→ Entries taken from a collection:
= = = = =

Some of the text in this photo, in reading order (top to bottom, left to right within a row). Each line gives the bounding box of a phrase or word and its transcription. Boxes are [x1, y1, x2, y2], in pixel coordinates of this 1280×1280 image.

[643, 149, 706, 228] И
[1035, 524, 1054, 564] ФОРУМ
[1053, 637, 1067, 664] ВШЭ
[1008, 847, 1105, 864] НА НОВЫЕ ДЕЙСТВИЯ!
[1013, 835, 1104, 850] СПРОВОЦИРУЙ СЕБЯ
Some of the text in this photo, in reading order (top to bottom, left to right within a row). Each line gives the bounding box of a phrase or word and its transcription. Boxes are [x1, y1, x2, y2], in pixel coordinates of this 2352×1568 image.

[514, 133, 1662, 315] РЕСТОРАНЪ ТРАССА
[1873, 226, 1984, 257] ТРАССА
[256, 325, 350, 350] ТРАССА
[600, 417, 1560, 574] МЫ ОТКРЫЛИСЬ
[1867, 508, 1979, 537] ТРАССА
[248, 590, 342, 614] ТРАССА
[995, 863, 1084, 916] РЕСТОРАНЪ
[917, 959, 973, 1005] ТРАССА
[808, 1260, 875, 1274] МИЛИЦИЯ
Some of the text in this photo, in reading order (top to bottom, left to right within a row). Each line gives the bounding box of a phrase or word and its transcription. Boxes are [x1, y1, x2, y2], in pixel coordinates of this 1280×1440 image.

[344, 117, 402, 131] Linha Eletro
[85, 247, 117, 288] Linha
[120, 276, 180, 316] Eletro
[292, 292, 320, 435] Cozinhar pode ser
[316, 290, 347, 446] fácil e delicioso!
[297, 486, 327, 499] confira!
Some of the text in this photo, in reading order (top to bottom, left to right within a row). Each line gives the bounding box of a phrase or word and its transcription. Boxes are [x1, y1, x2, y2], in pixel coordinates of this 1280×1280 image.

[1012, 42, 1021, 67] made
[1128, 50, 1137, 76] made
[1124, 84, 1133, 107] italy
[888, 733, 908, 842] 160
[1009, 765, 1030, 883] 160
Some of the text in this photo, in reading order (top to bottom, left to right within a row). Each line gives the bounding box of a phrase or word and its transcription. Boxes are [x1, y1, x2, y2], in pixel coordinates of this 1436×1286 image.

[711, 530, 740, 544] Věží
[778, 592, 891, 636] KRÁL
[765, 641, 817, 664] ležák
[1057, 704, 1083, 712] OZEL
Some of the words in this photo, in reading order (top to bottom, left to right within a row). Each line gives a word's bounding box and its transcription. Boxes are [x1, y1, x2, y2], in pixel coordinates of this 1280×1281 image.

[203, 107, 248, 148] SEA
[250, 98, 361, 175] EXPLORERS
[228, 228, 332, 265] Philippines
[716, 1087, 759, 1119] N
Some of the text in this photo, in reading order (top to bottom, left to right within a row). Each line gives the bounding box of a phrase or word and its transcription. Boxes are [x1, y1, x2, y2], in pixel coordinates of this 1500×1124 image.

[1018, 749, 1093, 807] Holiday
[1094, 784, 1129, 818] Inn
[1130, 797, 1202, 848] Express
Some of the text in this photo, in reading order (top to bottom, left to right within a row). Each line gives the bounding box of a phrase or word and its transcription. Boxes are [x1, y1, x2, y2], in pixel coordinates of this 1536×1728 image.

= = = = =

→ Assignment: Output the line holding "Some of the words", then every later line through the end of the records above, exactly as given and nothing else.

→ Exercise response:
Some of the words in this photo, in reading order (top to bottom, left to right within a row). Each line gives a word's bounding box and its transcription. Boxes are [x1, y1, x2, y2], in pixel coordinates of this 1280×1281 image.

[203, 107, 248, 148] SEA
[250, 98, 361, 175] EXPLORERS
[228, 228, 332, 265] Philippines
[716, 1087, 759, 1119] N
Some of the text in this photo, in reading order (top to bottom, left to right within a row). Each line gives the bounding box of a phrase or word and its transcription. Boxes are [x1, y1, x2, y2], in pixel coordinates of this 1500×1124 image.

[1018, 749, 1093, 807] Holiday
[1094, 784, 1129, 818] Inn
[1130, 797, 1202, 848] Express
Some of the text in this photo, in reading order (top to bottom, left to right within a row). Each line gives the bounding box of a phrase or word and its transcription. Boxes are [x1, y1, x2, y2], in pixel coordinates of this 1536×1728 image.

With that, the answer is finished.